Problem description —
An exact copy of every record below is required, with the pictures left out.

Annotated photo localization data
++++
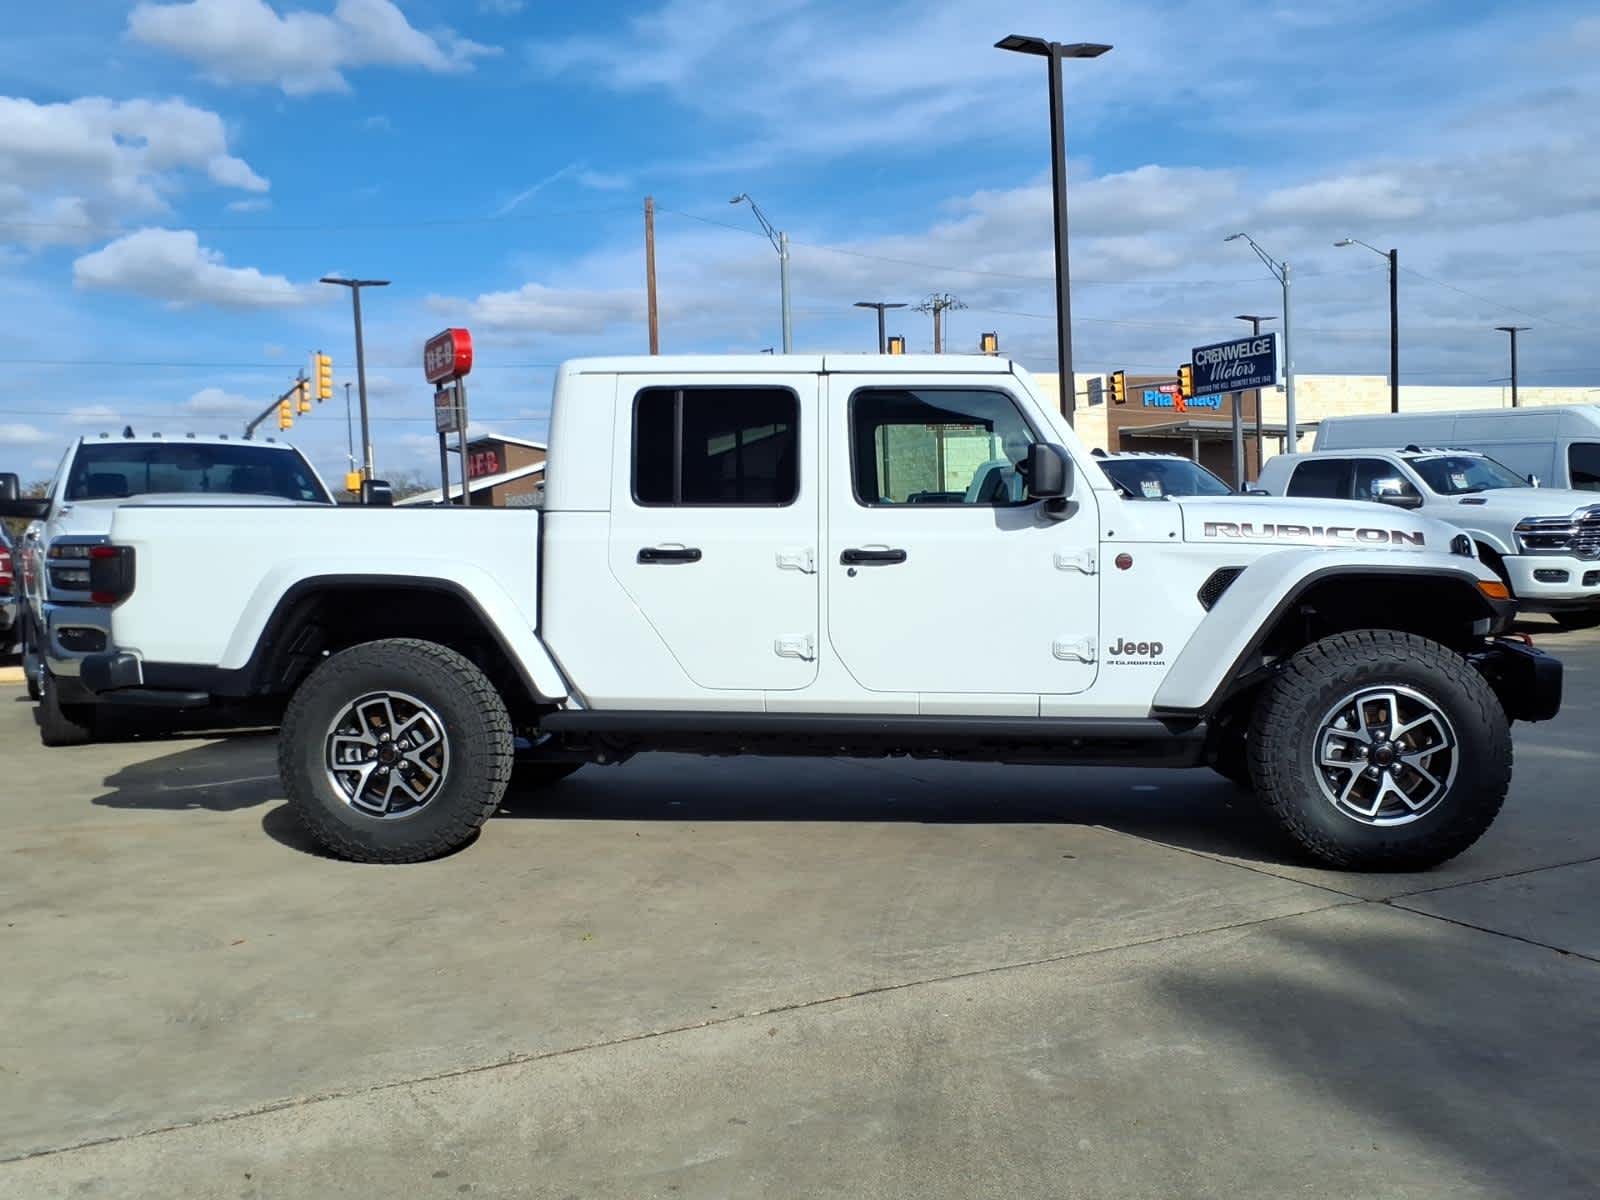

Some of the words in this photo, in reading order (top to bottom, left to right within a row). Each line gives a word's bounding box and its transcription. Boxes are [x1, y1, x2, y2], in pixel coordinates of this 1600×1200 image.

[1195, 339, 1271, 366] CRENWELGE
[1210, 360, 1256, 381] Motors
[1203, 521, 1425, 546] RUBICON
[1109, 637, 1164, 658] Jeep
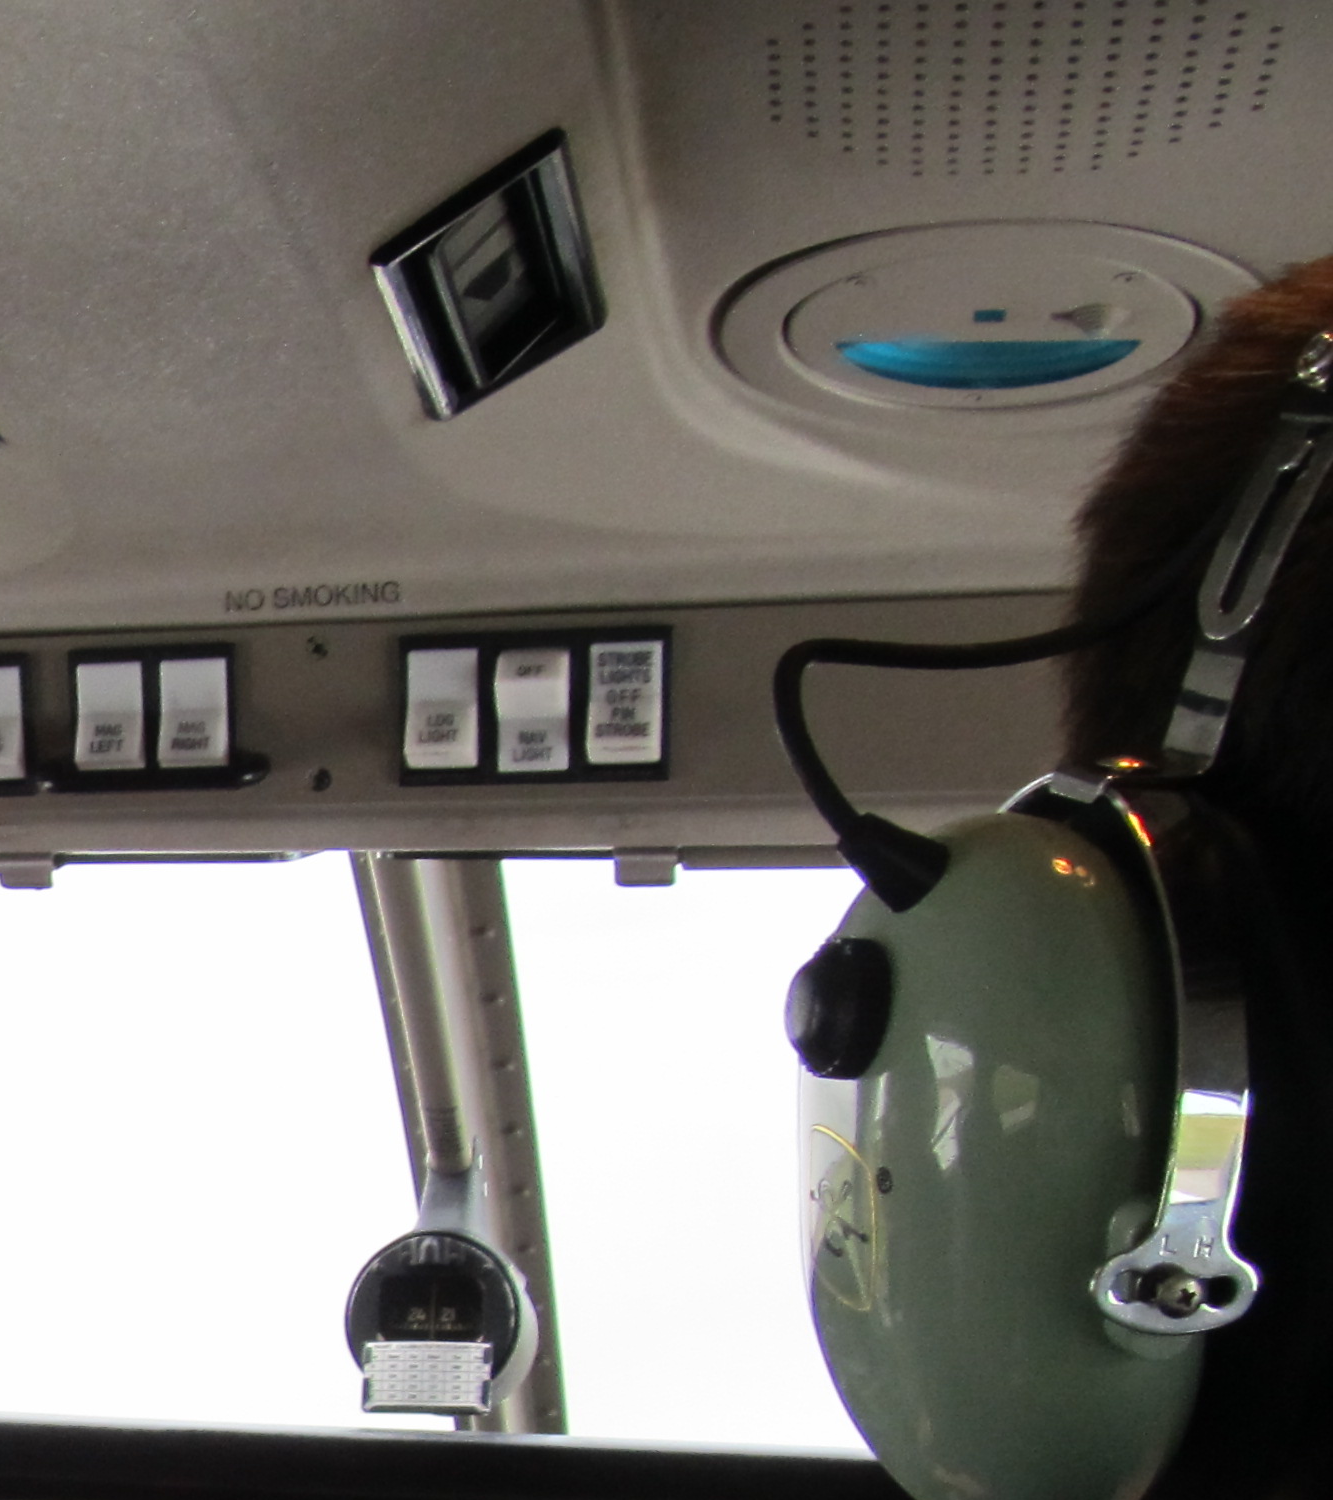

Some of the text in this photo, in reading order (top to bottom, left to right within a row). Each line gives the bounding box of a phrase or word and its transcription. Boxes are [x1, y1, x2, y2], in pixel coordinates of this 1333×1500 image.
++++
Answer section —
Some of the words in this photo, in reading order (top to bottom, left to right within a row). Each line gives a word's bounding box and its transcription. Boxes are [x1, y1, x2, y2], in pixel coordinates of this 1600×1200 image.

[1195, 339, 1271, 366] CRENWELGE
[1210, 360, 1256, 381] Motors
[1203, 521, 1425, 546] RUBICON
[1109, 637, 1164, 658] Jeep

Some of the text in this photo, in reading order (top to bottom, left to right within a row). Each line gives the bounding box of a phrase or word and its transcription. Boxes are [x1, y1, x2, y2], in pixel coordinates of this 1333×1500 image.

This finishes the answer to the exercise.